The town center is dominated by a large Norman abbey. The original abbey community was founded by nuns led by one of Alfred the Great's granddaughters. This was in 907. In 960 the abbey was refounded by King Edgar as a Benedictine nunnery. The abbey survived a Viking attack in 993 although the church was destroyed. Soon after this the abbey was rebuilt in stone.
The Normans rebuilt the abbey again between 1120 and 1140. It is their building which now survives to dominate the town center. The abbey and the adjoining town both prospered in the Early Middle Ages. Markets and fairs were allowed to be held in Romsey, under the terms of various royal charters. But in 1348 the plague or Black Death carried off half the townsfolk, and most of the nuns. At one point only 19 nuns lived in the abbey.

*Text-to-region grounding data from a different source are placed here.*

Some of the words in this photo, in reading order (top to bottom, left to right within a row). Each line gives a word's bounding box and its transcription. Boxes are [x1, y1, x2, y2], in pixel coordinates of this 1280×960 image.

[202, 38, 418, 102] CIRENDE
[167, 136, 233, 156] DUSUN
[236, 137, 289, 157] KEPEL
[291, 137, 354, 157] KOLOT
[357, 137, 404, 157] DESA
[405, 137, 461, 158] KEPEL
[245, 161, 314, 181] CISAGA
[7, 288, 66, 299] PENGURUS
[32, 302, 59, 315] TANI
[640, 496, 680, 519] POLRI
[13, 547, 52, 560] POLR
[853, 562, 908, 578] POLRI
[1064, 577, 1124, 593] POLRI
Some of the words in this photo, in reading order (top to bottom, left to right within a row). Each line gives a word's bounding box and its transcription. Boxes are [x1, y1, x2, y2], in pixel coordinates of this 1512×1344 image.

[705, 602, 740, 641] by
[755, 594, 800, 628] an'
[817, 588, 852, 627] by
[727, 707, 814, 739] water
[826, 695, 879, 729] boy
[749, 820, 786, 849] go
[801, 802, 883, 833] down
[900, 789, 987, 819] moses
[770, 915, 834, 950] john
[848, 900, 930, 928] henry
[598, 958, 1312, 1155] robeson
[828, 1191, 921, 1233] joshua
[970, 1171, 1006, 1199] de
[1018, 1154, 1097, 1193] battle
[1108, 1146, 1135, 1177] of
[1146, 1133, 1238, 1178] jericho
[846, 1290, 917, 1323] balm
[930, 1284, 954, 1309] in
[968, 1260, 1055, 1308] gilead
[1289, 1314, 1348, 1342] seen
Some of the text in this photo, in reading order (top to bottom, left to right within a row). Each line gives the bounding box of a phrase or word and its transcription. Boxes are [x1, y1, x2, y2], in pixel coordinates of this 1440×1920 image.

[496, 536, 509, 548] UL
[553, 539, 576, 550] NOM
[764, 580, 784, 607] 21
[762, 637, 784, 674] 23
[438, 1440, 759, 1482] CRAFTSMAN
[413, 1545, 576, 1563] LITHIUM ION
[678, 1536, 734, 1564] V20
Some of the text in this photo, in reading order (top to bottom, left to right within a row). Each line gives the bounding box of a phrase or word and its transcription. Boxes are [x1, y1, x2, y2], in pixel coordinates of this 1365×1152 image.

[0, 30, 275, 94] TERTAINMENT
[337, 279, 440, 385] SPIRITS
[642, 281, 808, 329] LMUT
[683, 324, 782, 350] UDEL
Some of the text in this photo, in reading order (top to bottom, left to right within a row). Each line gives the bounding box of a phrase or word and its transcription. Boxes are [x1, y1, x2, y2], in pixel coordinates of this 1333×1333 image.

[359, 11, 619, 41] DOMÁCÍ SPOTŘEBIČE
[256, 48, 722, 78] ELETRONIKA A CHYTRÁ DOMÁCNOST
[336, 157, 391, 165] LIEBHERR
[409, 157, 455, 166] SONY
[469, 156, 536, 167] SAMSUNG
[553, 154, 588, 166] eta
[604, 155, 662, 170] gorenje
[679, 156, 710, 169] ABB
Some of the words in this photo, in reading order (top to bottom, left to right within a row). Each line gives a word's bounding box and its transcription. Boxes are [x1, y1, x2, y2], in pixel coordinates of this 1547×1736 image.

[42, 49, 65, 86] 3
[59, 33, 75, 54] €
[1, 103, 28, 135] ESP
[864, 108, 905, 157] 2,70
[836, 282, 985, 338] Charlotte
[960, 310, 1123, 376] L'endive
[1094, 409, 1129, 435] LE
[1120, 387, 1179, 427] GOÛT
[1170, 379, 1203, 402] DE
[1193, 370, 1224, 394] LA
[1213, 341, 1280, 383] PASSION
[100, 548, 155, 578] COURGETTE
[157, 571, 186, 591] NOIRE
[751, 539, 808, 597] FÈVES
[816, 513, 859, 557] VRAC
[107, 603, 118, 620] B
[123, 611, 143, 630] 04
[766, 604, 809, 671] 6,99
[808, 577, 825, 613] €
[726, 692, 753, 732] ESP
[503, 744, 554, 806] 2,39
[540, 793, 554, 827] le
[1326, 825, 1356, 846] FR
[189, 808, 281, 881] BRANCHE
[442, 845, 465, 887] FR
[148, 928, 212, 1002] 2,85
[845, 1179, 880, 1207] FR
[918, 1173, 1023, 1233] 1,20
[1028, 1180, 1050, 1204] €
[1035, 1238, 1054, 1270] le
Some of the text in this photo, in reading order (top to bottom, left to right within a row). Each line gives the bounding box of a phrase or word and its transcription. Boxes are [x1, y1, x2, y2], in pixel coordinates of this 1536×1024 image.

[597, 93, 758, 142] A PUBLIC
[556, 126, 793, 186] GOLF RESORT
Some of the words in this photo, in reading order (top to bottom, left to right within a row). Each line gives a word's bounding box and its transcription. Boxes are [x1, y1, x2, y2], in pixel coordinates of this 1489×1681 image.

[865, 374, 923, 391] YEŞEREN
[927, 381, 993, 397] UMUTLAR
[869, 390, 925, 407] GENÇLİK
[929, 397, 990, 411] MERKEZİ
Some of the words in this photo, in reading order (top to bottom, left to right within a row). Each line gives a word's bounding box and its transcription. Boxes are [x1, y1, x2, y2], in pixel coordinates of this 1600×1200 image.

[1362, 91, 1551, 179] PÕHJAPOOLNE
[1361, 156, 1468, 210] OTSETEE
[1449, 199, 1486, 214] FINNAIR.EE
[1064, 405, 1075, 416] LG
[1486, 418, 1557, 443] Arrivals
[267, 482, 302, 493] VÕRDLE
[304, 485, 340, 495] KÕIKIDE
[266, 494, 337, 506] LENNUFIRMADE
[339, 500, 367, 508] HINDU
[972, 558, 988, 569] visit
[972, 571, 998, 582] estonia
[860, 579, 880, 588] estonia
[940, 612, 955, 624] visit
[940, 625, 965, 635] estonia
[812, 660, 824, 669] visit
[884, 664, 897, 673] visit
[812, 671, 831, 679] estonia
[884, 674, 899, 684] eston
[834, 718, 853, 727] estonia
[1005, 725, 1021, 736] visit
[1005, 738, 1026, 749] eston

The life of the abbey ended in 1539 when Henry VIII split with the Pope in Rome. Henry seized religious properties in England in the Dissolution of the Monasteries. Romsey abbey was only saved from falling into ruins like many other English abbeys because the local parish church was inside the abbey. The town purchased the abbey from Henry in 1544. The price was 100 pounds.
Today the abbey is open to visitors every day. It also still serves as the Parish Church of Romsey (Church of England).
The town's prosperity in the Middle Ages had been based on the woollen industry, but this was supplanted by brewing, sack making and paper making in the eighteenth century. Both the old and new industries relied somewhat on water power from Romsey's watermills. Sadler's Mill is the best known watermill still in existence. It existed at least as early as the sixteenth century. It fell into disrepair after its closure in 1932, but has now been restored by the current owners.
Quite near to Romsey is a large, elegant Palladian mansion known as Broadlands. The gardens here are by Capability Brown. Broadlands was the home of the Victorian PM Lord Palmerston, who is said to have invented gunboat diplomacy, and of Lord Mountbatten of Burma. Lord Mountbatten was buried in Romsey Abbey after his murder by terrorists in 1979. Broadlands House and the Mountbatten Exhibition are closed in 2010 (for renovations) but the gardens are still open.